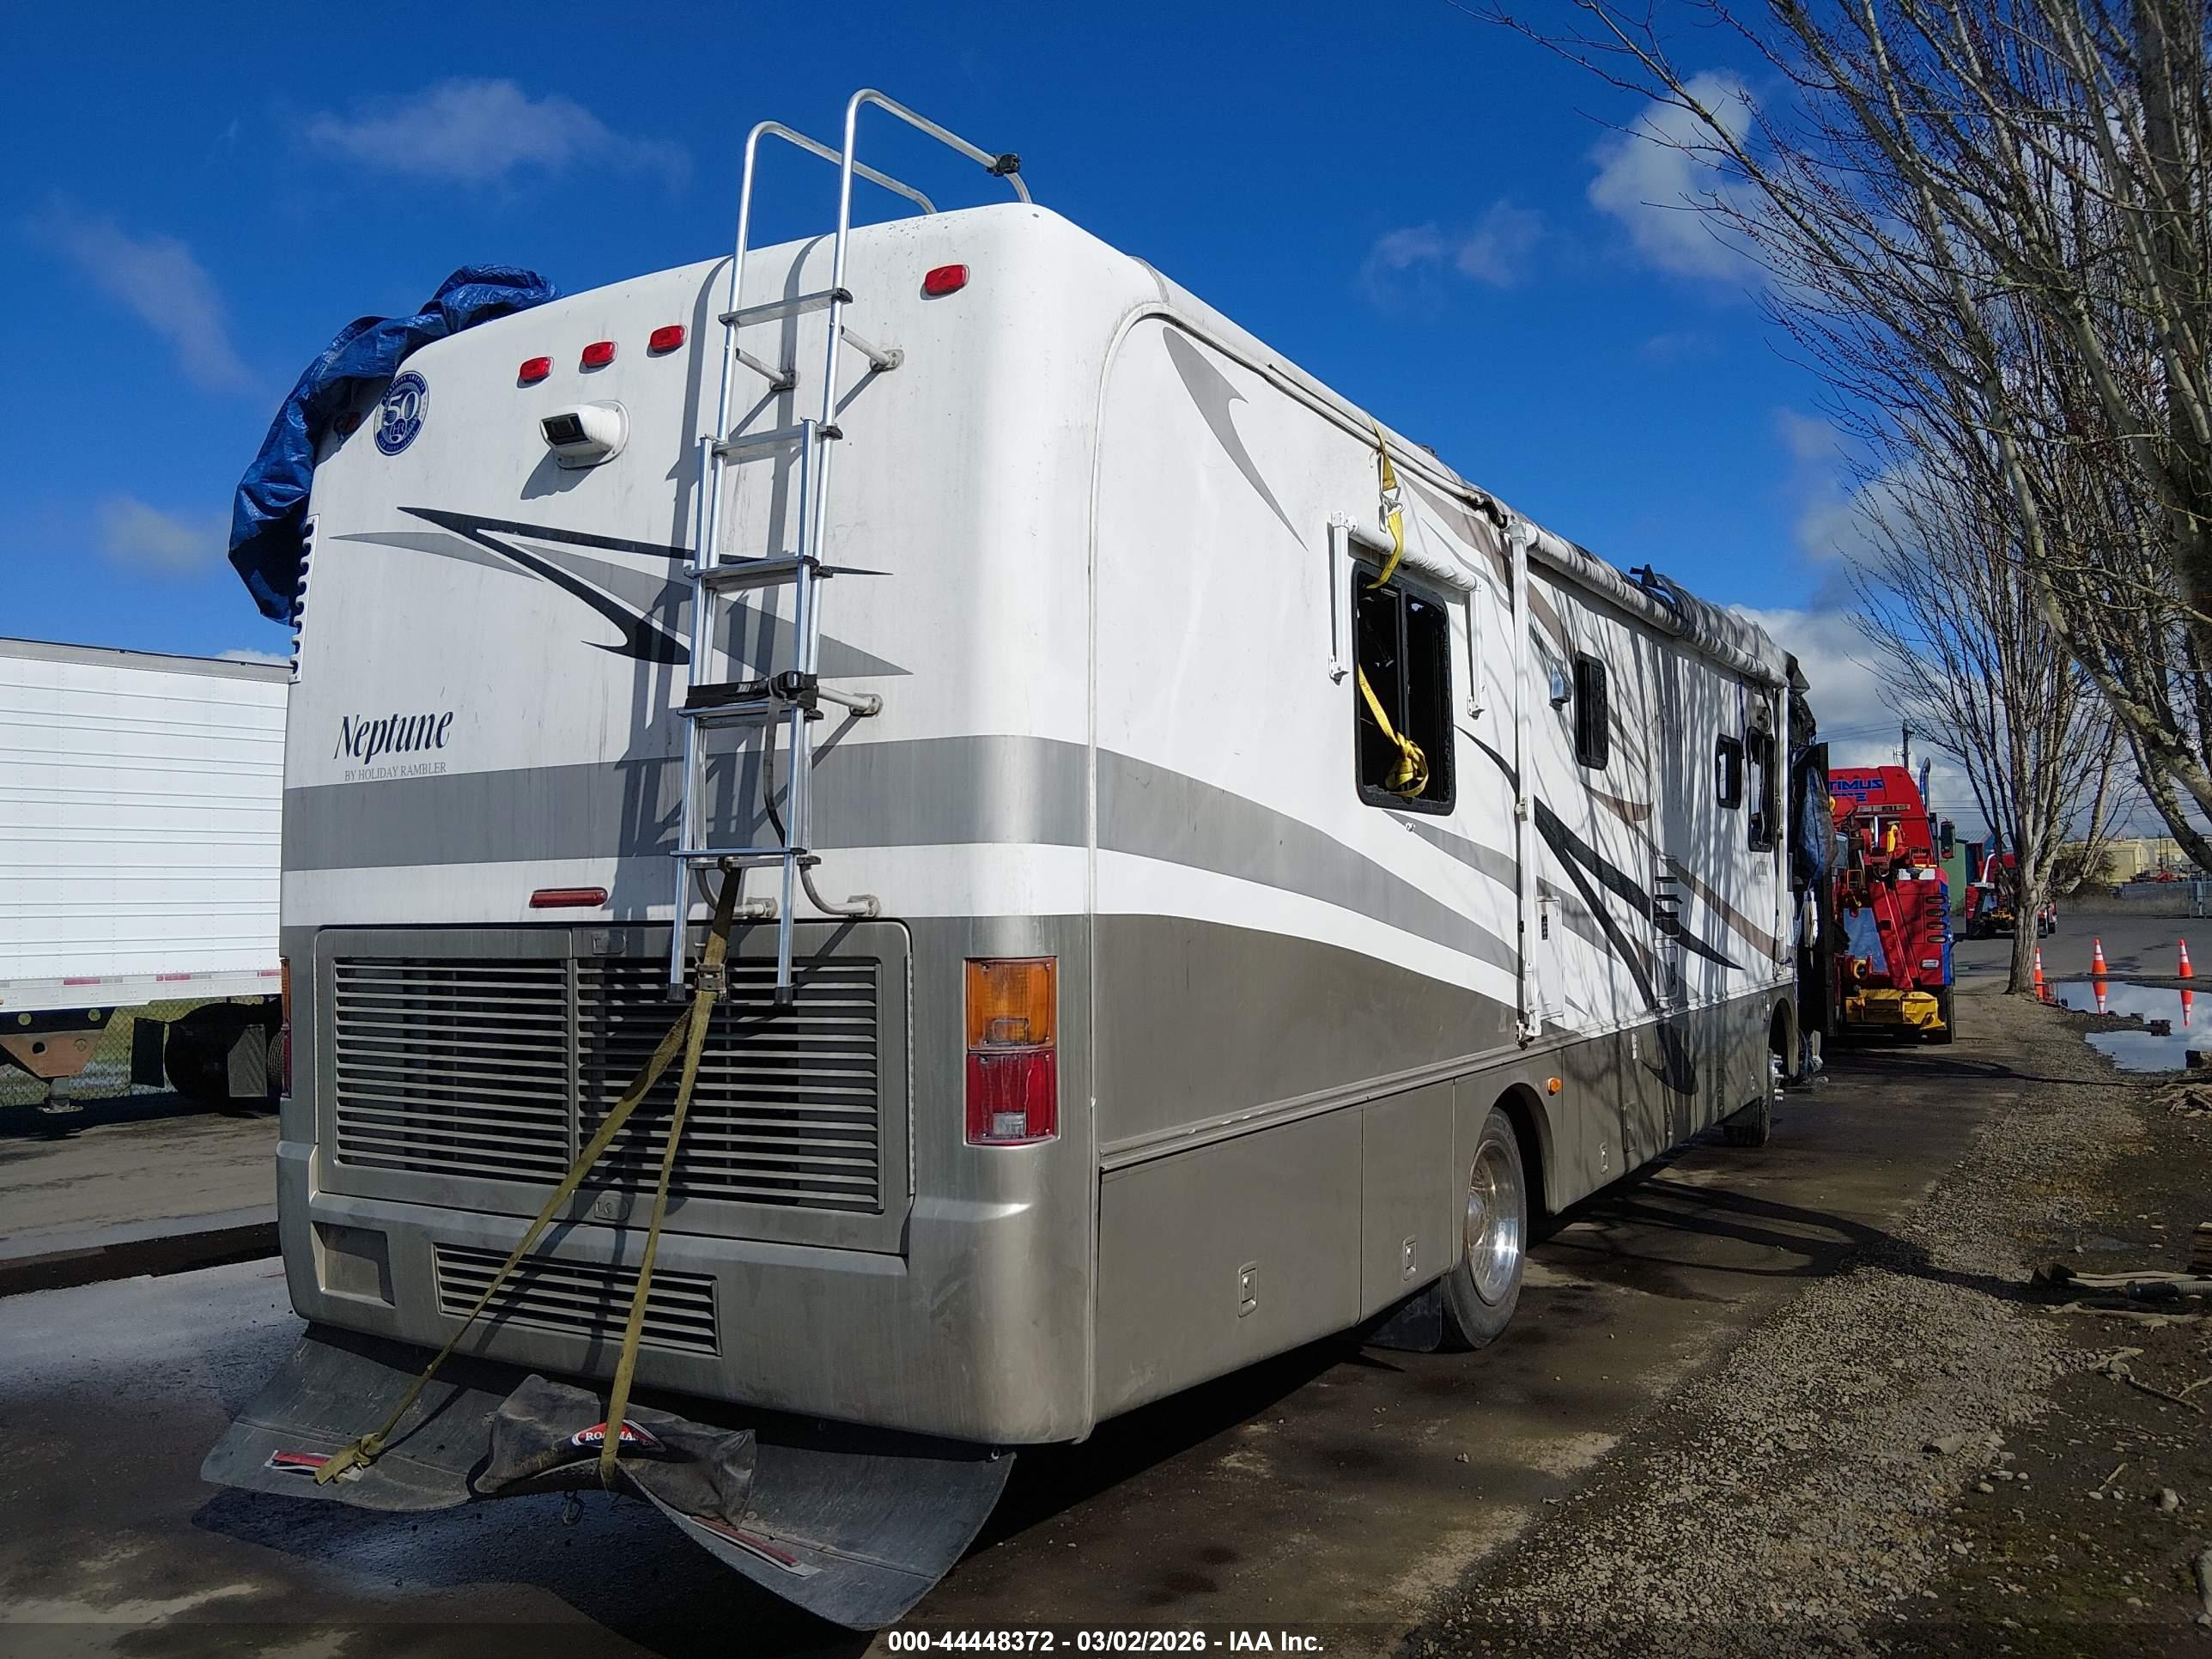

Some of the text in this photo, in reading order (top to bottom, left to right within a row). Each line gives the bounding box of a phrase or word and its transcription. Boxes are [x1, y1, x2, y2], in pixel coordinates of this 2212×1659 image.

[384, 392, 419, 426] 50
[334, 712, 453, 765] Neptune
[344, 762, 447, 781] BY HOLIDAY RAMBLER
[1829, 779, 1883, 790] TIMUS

YOUR ASSIGNMENT:
Output each record precisely as it appears, and drop every picture.

TASK ANSWER:
Some of the text in this photo, in reading order (top to bottom, left to right within a row). Each line gives the bounding box of a phrase or word and its transcription. Boxes are [x1, y1, x2, y2], in pixel coordinates of this 2212×1659 image.

[384, 392, 419, 426] 50
[334, 712, 453, 765] Neptune
[344, 762, 447, 781] BY HOLIDAY RAMBLER
[1829, 779, 1883, 790] TIMUS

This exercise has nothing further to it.